● **EXERCISE DETAILS**
Copy the material below verbatim from the line with "this 1600×1200 image." to the line with "Some of the text", both lines included, omitting pictures and every line outside that range.

● **DATA**

--*--

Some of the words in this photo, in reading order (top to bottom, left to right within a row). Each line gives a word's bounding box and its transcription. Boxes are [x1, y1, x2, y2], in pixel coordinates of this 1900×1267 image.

--*--

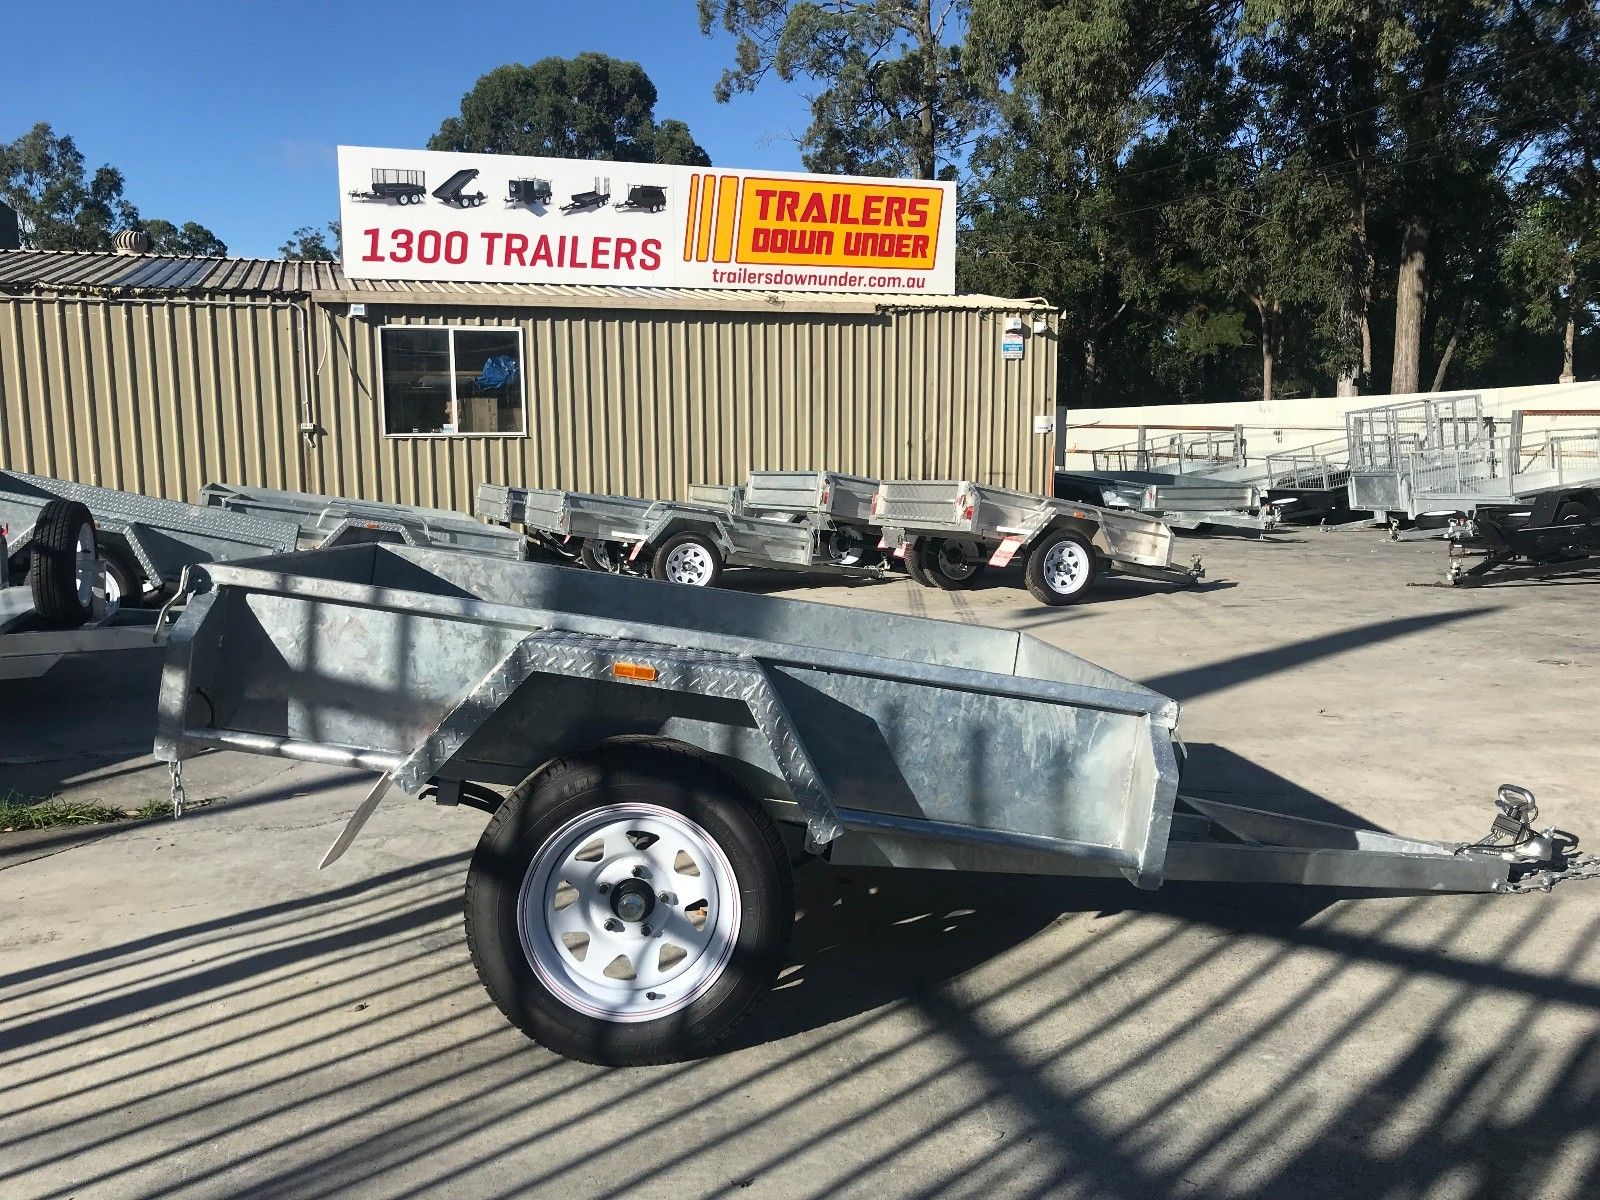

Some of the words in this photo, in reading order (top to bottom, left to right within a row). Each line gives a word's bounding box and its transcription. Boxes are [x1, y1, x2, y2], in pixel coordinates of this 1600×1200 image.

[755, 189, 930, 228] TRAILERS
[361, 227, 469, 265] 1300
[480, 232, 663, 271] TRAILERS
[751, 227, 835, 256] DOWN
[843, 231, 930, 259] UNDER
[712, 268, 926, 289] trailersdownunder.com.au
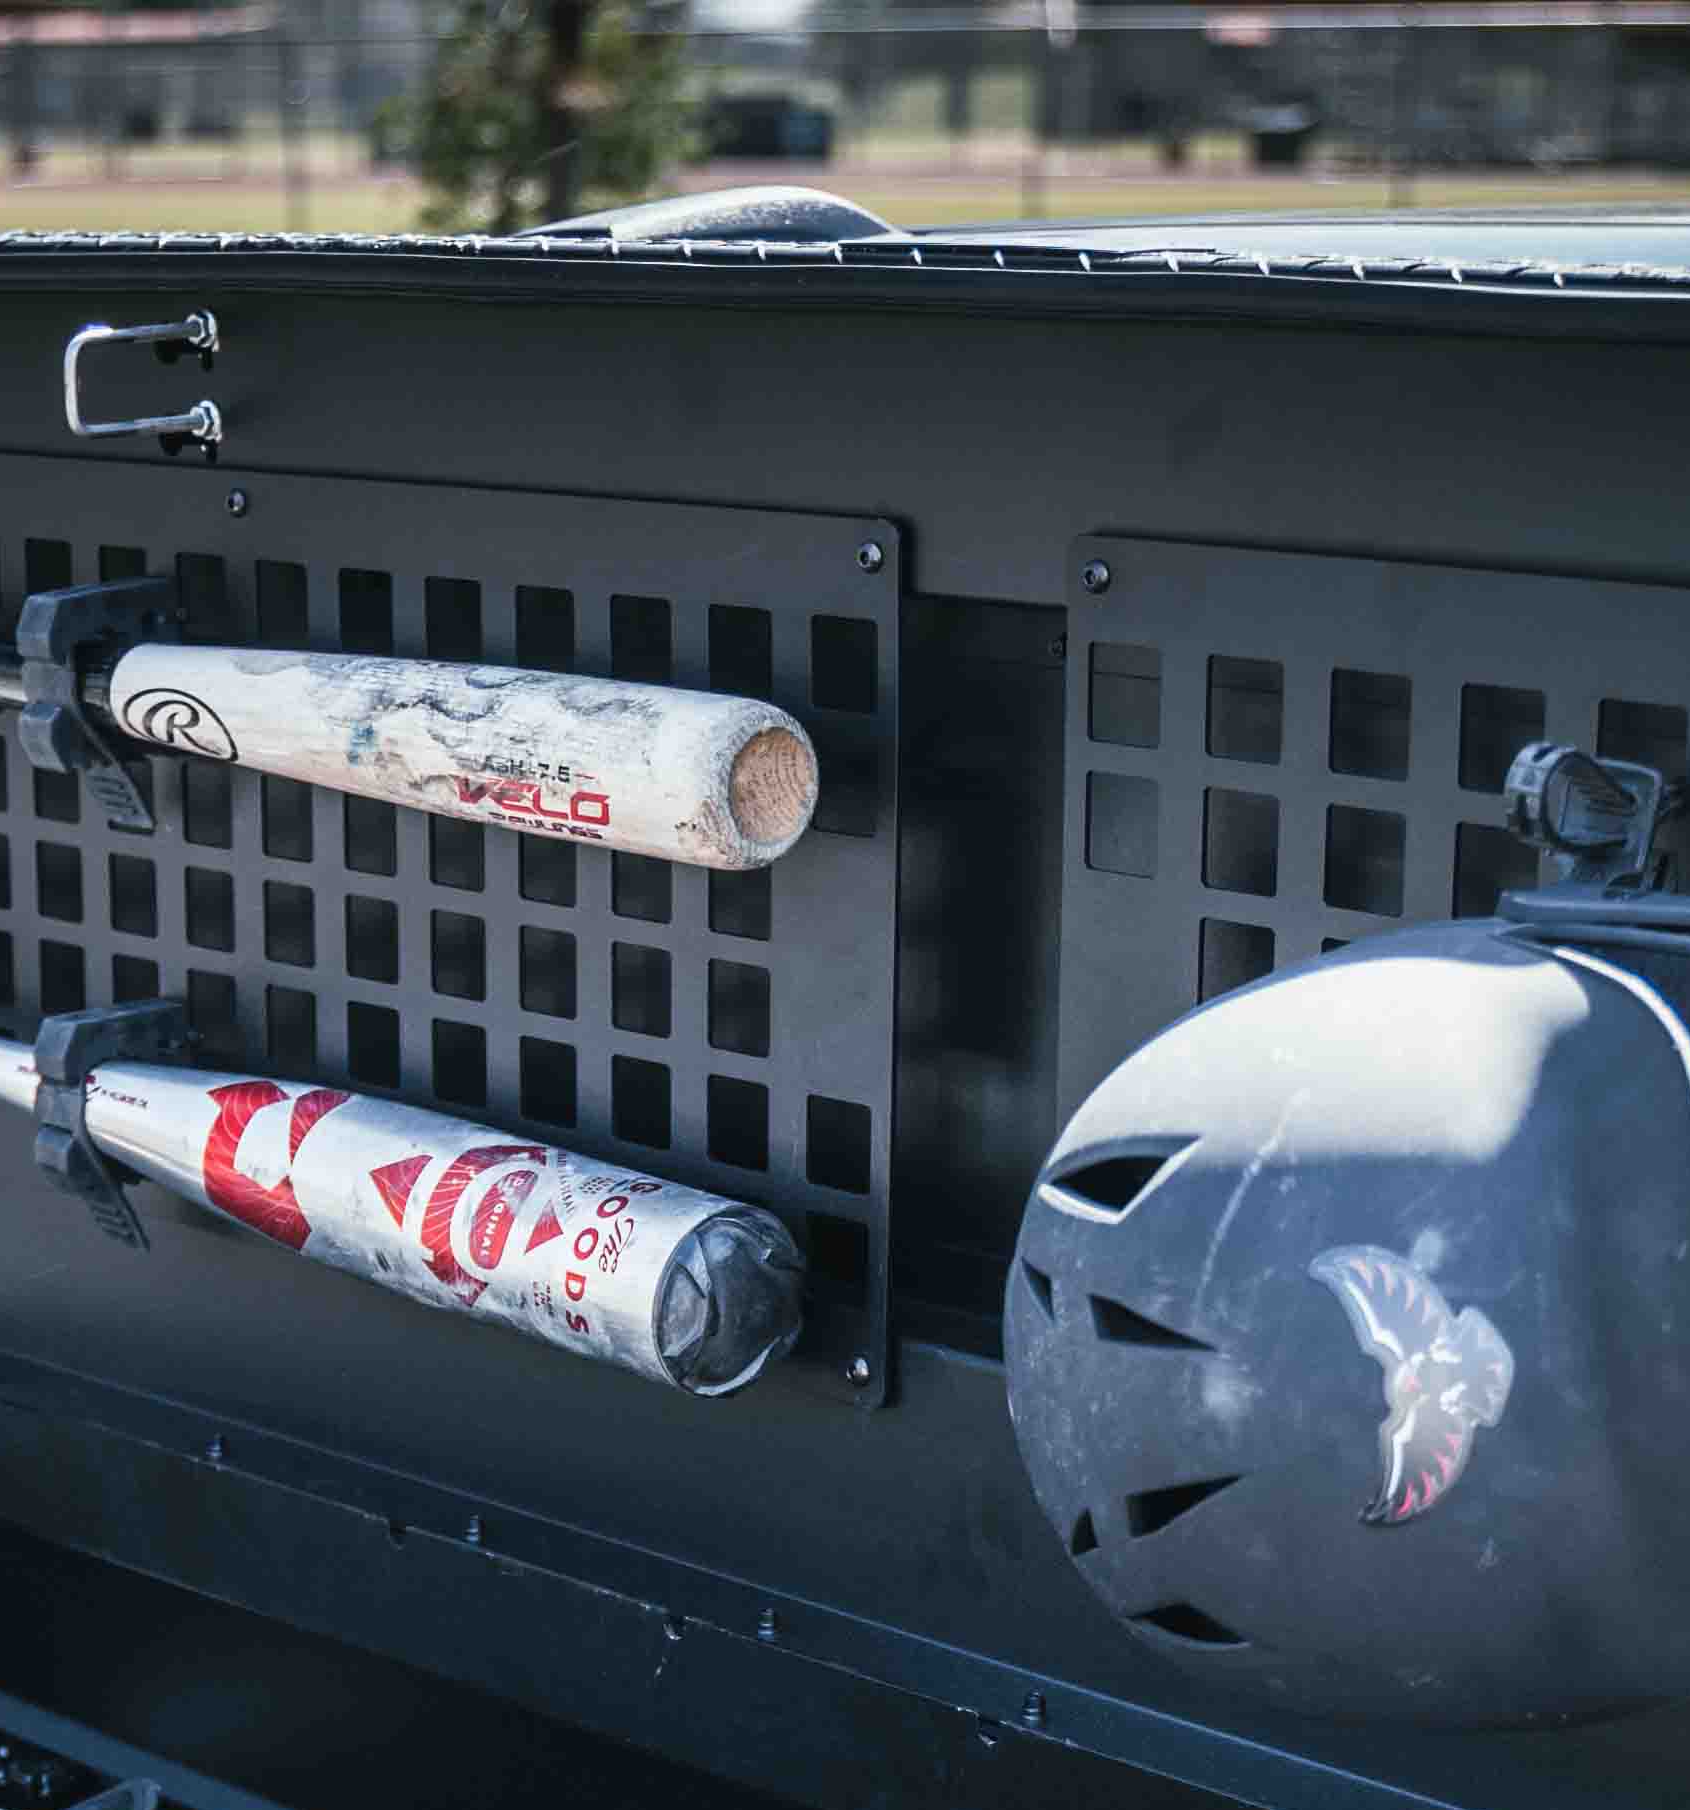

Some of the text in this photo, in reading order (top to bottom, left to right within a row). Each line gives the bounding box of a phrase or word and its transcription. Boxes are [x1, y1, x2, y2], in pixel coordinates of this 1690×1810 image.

--*--

● **ANSWER BELOW**
Some of the words in this photo, in reading order (top to bottom, left to right within a row). Each line gives a word's bounding box and its transcription. Boxes are [x1, y1, x2, y2], in pixel coordinates of this 1600×1200 image.

[755, 189, 930, 228] TRAILERS
[361, 227, 469, 265] 1300
[480, 232, 663, 271] TRAILERS
[751, 227, 835, 256] DOWN
[843, 231, 930, 259] UNDER
[712, 268, 926, 289] trailersdownunder.com.au

Some of the text in this photo, in reading order (top to bottom, left to right within a row). Each line gives the bounding box of a phrase or word and its transcription. Boxes are [x1, y1, x2, y2], in pixel coordinates of this 1690×1810 image.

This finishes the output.